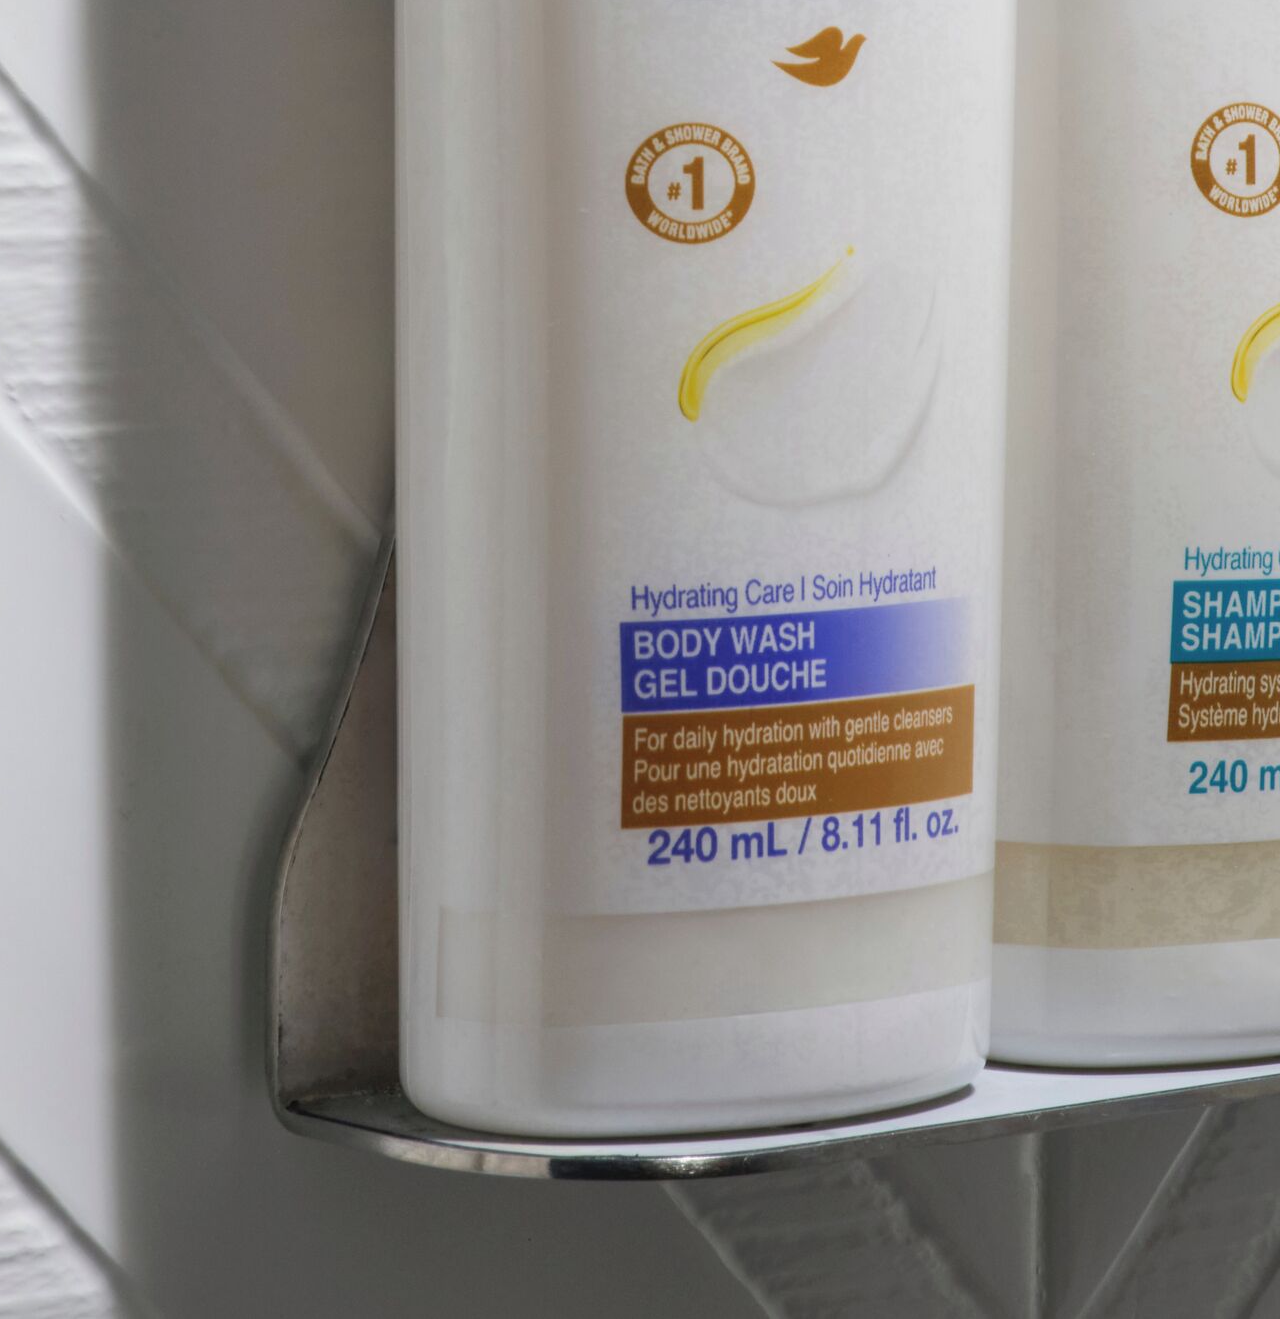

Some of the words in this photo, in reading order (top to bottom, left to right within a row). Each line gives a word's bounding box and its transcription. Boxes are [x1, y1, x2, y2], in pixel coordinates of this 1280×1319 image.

[1195, 125, 1215, 161] BATH
[1224, 105, 1269, 124] SHOWER
[631, 147, 655, 184] BATH
[652, 138, 665, 151] &
[665, 125, 721, 146] SHOWER
[720, 138, 750, 184] BRAND
[1184, 546, 1272, 576] Hydrating
[631, 585, 738, 616] Hydrating
[745, 579, 794, 605] Care
[812, 573, 853, 600] Soin
[859, 567, 936, 602] Hydratant
[634, 628, 721, 659] BODY
[730, 621, 815, 654] WASH
[634, 669, 697, 698] GEL
[707, 659, 827, 696] DOUCHE
[1180, 671, 1255, 701] Hydrating
[635, 727, 666, 751] For
[673, 726, 717, 754] daily
[723, 720, 803, 754] hydration
[809, 716, 839, 738] with
[845, 711, 889, 741] gentle
[893, 704, 953, 731] cleansers
[1178, 704, 1247, 732] Système
[634, 760, 679, 782] Pour
[686, 759, 721, 779] une
[727, 751, 821, 781] hydratation
[827, 741, 911, 774] quotidienne
[915, 738, 944, 758] avec
[1189, 759, 1248, 794] 240
[633, 791, 668, 814] des
[675, 785, 770, 814] nettoyants
[776, 783, 816, 806] doux
[647, 827, 717, 865] 240
[731, 823, 787, 860] mL
[798, 818, 811, 854] /
[822, 812, 881, 852] 8.11
[894, 807, 917, 843] fl.
[927, 809, 958, 838] oz.
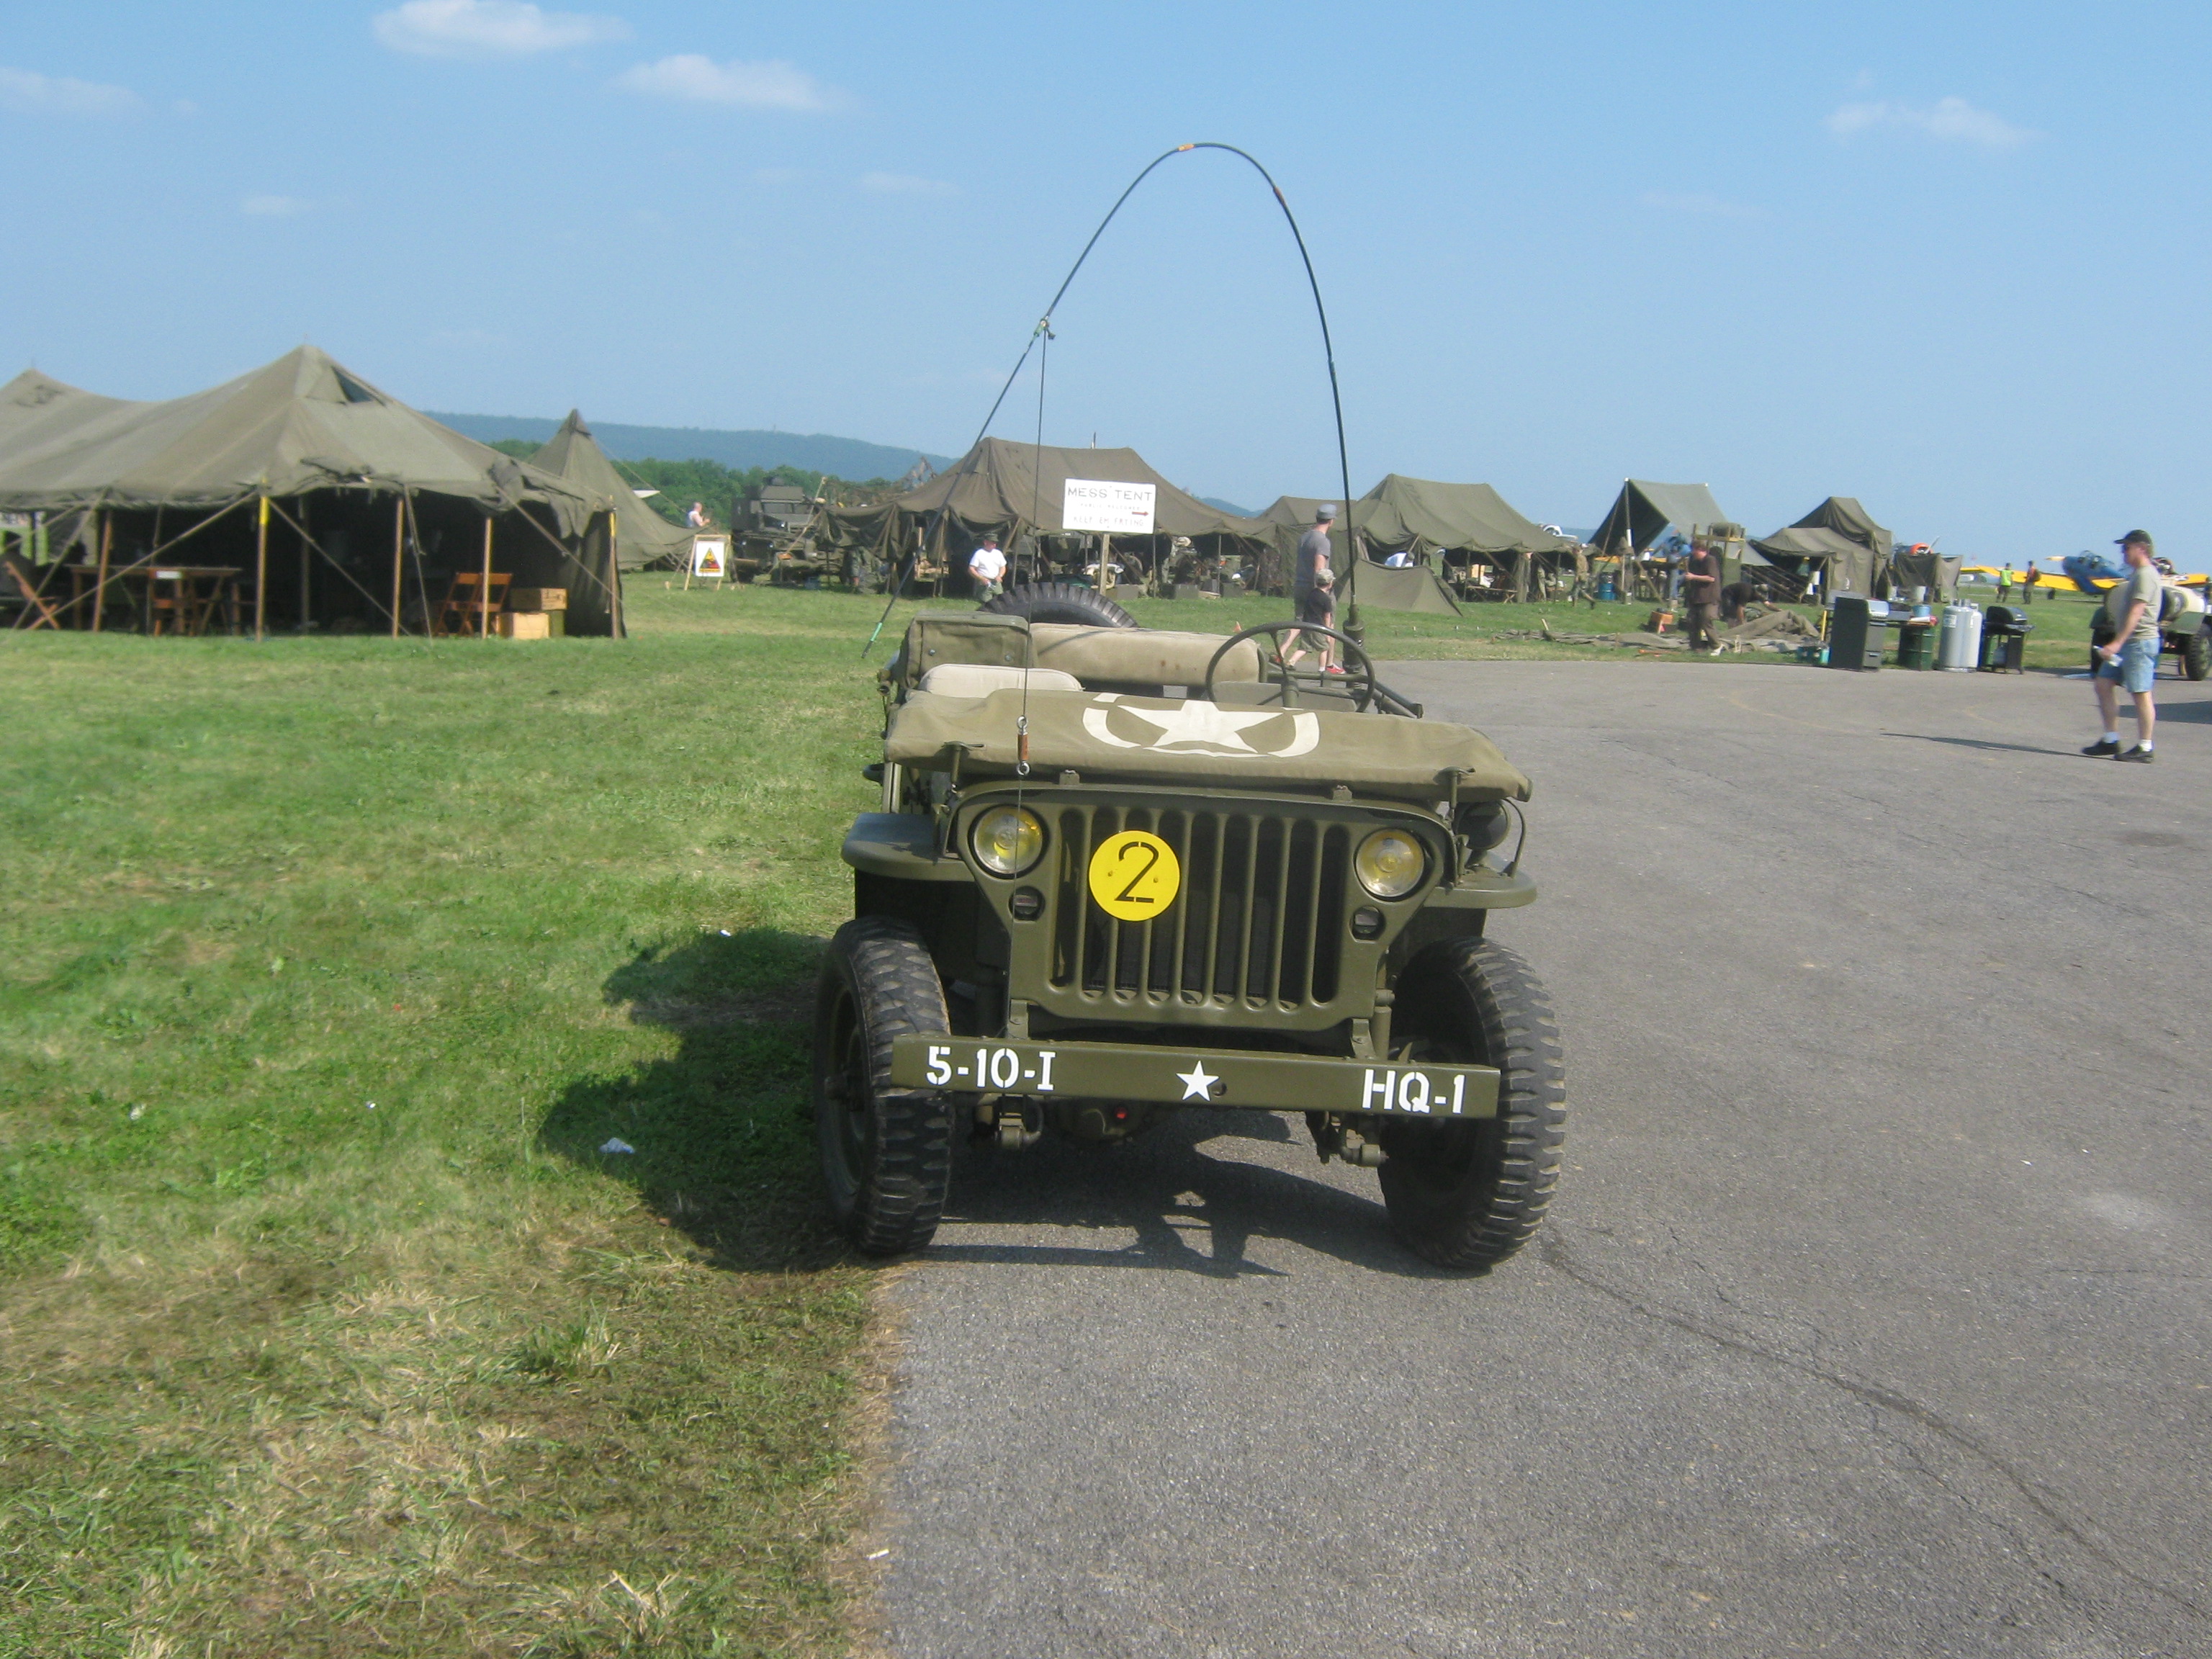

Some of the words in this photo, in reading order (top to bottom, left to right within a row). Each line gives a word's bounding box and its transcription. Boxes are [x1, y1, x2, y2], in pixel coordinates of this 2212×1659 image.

[1067, 487, 1107, 498] MESS
[1115, 490, 1153, 501] TENT
[1074, 516, 1093, 524] KEEP
[1114, 841, 1159, 904] 2
[1362, 1069, 1466, 1114] HQ-1
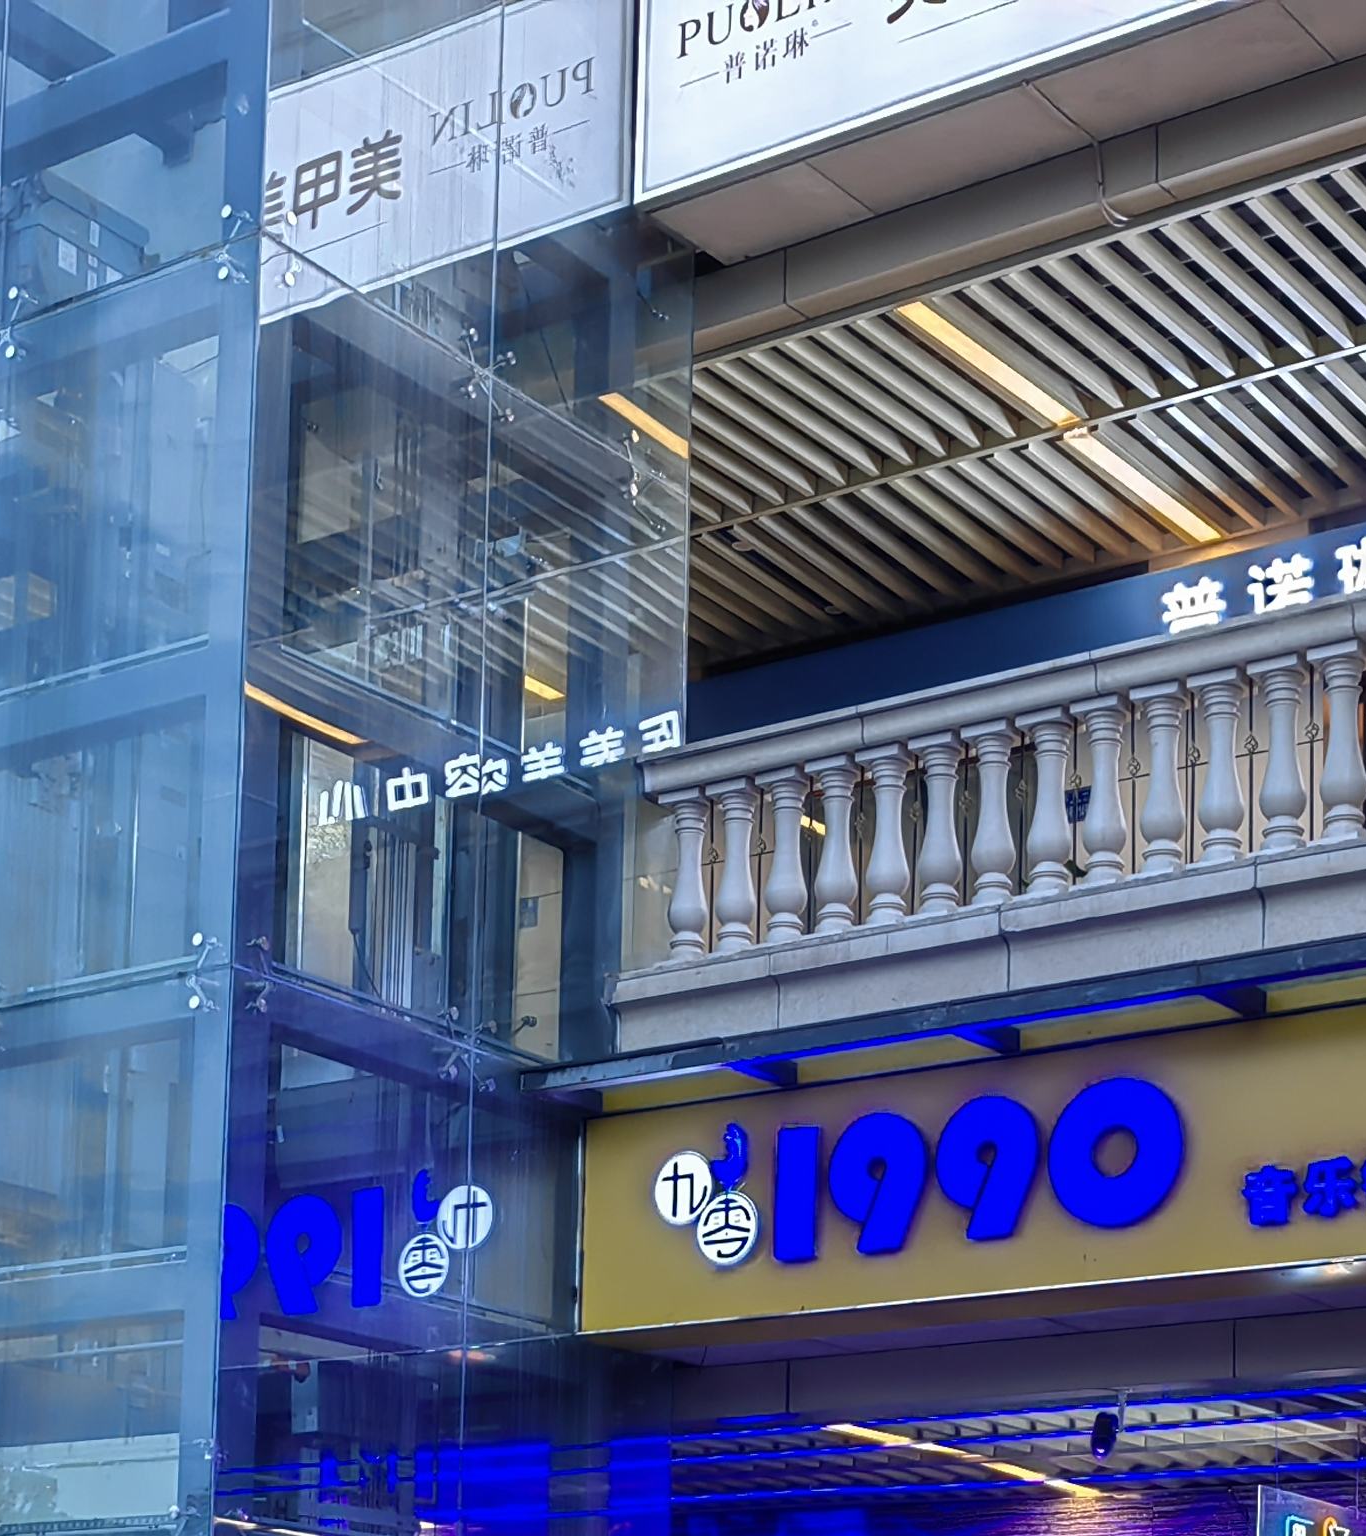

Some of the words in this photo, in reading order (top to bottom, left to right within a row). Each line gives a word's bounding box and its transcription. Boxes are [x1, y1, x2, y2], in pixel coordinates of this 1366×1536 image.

[676, 0, 830, 58] PUOL
[723, 27, 809, 84] 普诺琳
[771, 1076, 1186, 1262] 1990

--------------------

▶ **WHAT TO WORK ON**: When you repeat the listing, keep it exact and leave the pictures behind.

▶ **SOLUTION TO THIS TASK**:
Some of the words in this photo, in reading order (top to bottom, left to right within a row). Each line gives a word's bounding box and its transcription. Boxes are [x1, y1, x2, y2], in pixel coordinates of this 1280×1319 image.

[1195, 125, 1215, 161] BATH
[1224, 105, 1269, 124] SHOWER
[631, 147, 655, 184] BATH
[652, 138, 665, 151] &
[665, 125, 721, 146] SHOWER
[720, 138, 750, 184] BRAND
[1184, 546, 1272, 576] Hydrating
[631, 585, 738, 616] Hydrating
[745, 579, 794, 605] Care
[812, 573, 853, 600] Soin
[859, 567, 936, 602] Hydratant
[634, 628, 721, 659] BODY
[730, 621, 815, 654] WASH
[634, 669, 697, 698] GEL
[707, 659, 827, 696] DOUCHE
[1180, 671, 1255, 701] Hydrating
[635, 727, 666, 751] For
[673, 726, 717, 754] daily
[723, 720, 803, 754] hydration
[809, 716, 839, 738] with
[845, 711, 889, 741] gentle
[893, 704, 953, 731] cleansers
[1178, 704, 1247, 732] Système
[634, 760, 679, 782] Pour
[686, 759, 721, 779] une
[727, 751, 821, 781] hydratation
[827, 741, 911, 774] quotidienne
[915, 738, 944, 758] avec
[1189, 759, 1248, 794] 240
[633, 791, 668, 814] des
[675, 785, 770, 814] nettoyants
[776, 783, 816, 806] doux
[647, 827, 717, 865] 240
[731, 823, 787, 860] mL
[798, 818, 811, 854] /
[822, 812, 881, 852] 8.11
[894, 807, 917, 843] fl.
[927, 809, 958, 838] oz.

Some of the words in this photo, in reading order (top to bottom, left to right within a row). Each line gives a word's bounding box and its transcription. Boxes are [x1, y1, x2, y2], in pixel coordinates of this 2212×1659 image.

[1067, 487, 1107, 498] MESS
[1115, 490, 1153, 501] TENT
[1074, 516, 1093, 524] KEEP
[1114, 841, 1159, 904] 2
[1362, 1069, 1466, 1114] HQ-1

Some of the words in this photo, in reading order (top to bottom, left to right within a row). Each line gives a word's bounding box and its transcription. Boxes are [x1, y1, x2, y2], in pixel coordinates of this 1366×1536 image.

[676, 0, 830, 58] PUOL
[723, 27, 809, 84] 普诺琳
[771, 1076, 1186, 1262] 1990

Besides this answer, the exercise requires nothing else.